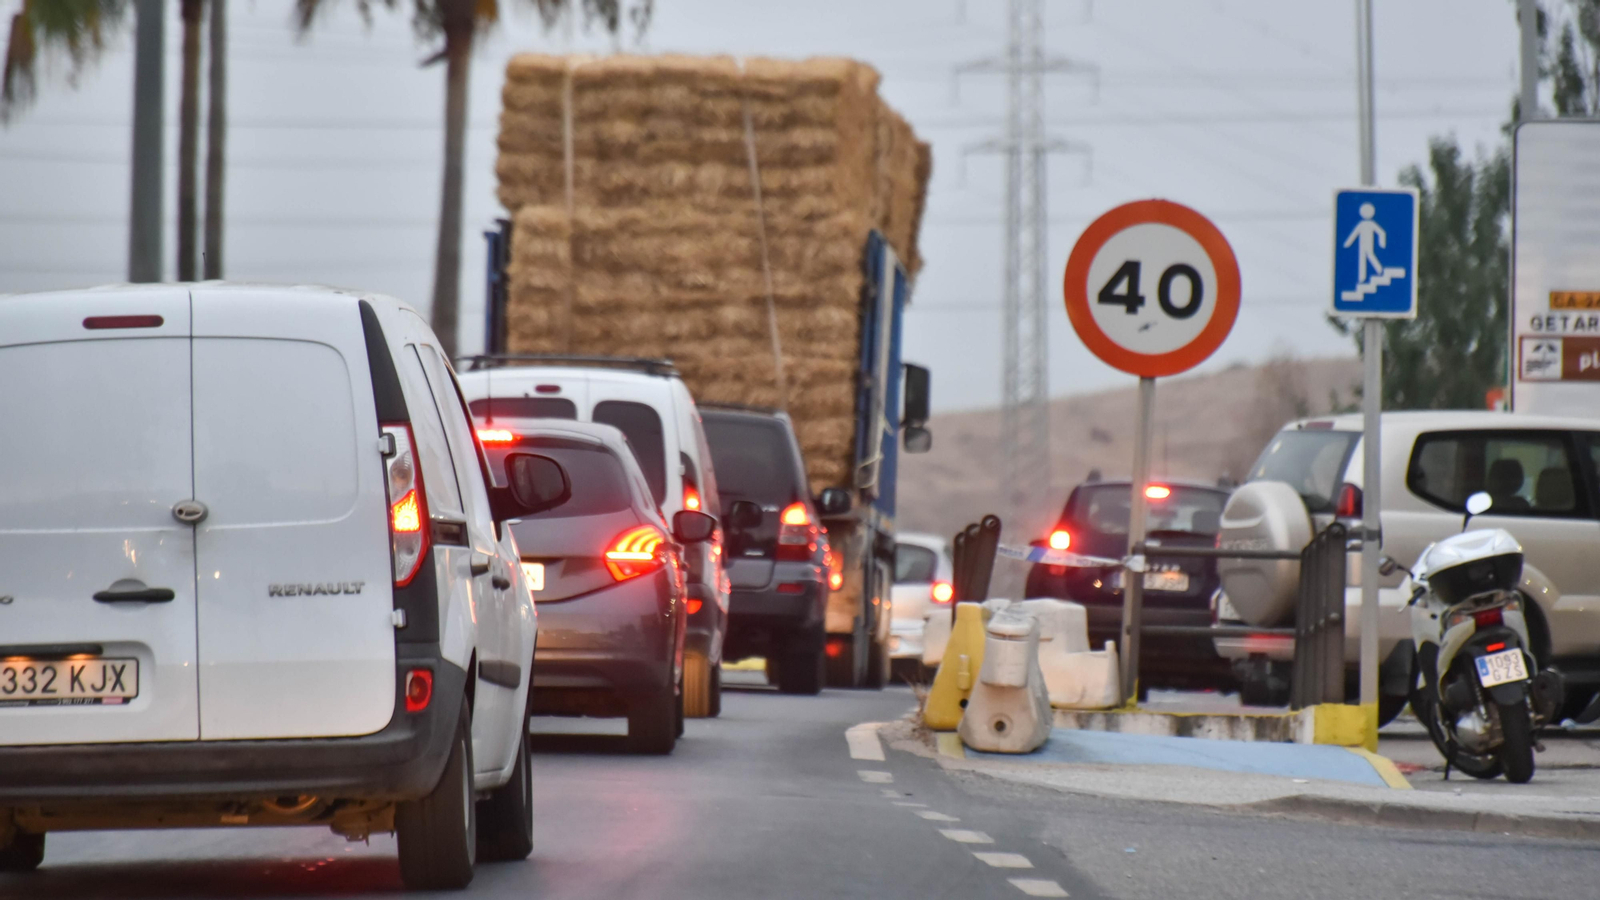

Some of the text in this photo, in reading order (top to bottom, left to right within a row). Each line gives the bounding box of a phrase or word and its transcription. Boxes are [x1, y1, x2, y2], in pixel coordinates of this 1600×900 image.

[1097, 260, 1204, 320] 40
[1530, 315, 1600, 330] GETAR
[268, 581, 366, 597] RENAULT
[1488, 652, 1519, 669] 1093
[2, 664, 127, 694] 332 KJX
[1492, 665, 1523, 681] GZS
====================
All of the listing should be transcribed exactly, but none of its images.

Some of the text in this photo, in reading order (top to bottom, left to right within a row). Each line gives the bounding box of a phrase or word and its transcription. Boxes are [x1, y1, x2, y2], in pixel coordinates of this 1600×900 image.

[1097, 260, 1204, 320] 40
[1530, 315, 1600, 330] GETAR
[268, 581, 366, 597] RENAULT
[1488, 652, 1519, 669] 1093
[2, 664, 127, 694] 332 KJX
[1492, 665, 1523, 681] GZS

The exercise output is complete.